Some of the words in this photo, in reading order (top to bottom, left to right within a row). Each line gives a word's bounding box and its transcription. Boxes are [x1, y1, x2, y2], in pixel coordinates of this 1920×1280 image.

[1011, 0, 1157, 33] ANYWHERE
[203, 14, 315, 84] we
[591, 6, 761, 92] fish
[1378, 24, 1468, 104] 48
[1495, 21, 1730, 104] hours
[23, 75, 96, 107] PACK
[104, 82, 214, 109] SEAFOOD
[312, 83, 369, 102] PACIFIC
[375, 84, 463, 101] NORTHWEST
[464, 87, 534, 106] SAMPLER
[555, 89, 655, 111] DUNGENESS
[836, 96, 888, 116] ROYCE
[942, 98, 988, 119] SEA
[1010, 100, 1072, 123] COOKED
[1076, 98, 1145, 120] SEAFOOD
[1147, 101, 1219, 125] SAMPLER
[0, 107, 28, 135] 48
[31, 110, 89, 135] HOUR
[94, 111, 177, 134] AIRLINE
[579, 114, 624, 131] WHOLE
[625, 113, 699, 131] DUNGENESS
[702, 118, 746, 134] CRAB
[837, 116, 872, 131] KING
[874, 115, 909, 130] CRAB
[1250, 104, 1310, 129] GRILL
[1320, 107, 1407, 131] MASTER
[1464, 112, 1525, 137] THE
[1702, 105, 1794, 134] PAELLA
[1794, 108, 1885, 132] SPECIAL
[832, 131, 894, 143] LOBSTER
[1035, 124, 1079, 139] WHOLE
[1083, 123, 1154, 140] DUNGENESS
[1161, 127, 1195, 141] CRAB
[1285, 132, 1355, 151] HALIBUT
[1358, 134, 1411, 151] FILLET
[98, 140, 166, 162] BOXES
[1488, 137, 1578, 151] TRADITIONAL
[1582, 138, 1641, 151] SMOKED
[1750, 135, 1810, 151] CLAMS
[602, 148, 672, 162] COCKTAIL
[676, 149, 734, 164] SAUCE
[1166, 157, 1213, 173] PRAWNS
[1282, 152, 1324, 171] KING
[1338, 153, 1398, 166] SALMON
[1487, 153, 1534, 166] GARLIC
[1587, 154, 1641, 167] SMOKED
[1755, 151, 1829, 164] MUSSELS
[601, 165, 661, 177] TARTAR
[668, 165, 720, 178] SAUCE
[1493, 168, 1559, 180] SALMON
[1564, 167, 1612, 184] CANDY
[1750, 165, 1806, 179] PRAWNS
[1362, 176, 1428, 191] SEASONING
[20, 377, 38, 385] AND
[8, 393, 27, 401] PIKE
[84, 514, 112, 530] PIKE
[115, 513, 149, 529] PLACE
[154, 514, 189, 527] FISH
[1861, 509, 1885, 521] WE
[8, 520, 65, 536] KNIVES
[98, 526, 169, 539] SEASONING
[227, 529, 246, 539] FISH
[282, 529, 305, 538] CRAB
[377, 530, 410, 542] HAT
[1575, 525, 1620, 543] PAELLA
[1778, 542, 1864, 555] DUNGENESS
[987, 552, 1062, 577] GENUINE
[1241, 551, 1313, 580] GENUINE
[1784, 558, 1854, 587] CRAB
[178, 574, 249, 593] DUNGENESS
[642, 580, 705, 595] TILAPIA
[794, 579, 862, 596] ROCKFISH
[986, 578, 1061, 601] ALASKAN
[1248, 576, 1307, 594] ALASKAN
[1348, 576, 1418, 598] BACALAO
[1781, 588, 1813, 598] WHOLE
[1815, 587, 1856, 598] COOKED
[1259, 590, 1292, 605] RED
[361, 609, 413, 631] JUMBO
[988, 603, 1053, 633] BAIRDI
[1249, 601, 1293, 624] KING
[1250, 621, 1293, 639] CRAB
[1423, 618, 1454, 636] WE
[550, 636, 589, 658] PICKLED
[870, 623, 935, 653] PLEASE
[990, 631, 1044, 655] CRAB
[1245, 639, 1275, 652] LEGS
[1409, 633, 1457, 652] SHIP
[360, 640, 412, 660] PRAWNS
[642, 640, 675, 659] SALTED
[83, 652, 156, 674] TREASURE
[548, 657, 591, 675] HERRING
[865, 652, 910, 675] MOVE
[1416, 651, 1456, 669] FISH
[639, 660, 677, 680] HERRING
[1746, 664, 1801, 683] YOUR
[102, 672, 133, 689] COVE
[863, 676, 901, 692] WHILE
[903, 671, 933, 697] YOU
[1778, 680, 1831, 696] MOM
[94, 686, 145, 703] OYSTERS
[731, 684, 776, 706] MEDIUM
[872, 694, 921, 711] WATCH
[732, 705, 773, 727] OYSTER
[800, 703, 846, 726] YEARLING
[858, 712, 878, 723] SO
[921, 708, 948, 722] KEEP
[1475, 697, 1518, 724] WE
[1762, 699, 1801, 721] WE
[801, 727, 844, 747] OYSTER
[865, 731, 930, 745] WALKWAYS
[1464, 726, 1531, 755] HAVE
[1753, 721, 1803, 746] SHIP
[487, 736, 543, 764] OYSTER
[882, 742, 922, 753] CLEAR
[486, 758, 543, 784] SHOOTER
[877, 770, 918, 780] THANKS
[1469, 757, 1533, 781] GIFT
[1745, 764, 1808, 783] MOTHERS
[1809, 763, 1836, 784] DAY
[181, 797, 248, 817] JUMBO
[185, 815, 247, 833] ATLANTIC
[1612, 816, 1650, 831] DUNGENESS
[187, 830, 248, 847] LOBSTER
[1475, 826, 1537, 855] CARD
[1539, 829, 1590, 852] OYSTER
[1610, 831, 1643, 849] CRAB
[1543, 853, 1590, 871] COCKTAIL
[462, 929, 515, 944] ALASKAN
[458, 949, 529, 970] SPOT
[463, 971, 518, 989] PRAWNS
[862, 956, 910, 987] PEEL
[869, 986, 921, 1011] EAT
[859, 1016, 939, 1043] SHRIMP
+ + + + +
* _WHAT NEEDS TO BE DONE_: Scan the material above for the string "SMOKED" and report each line where you find it.

* _EXPECTED ANSWER_:
[1582, 138, 1641, 151] SMOKED
[1587, 154, 1641, 167] SMOKED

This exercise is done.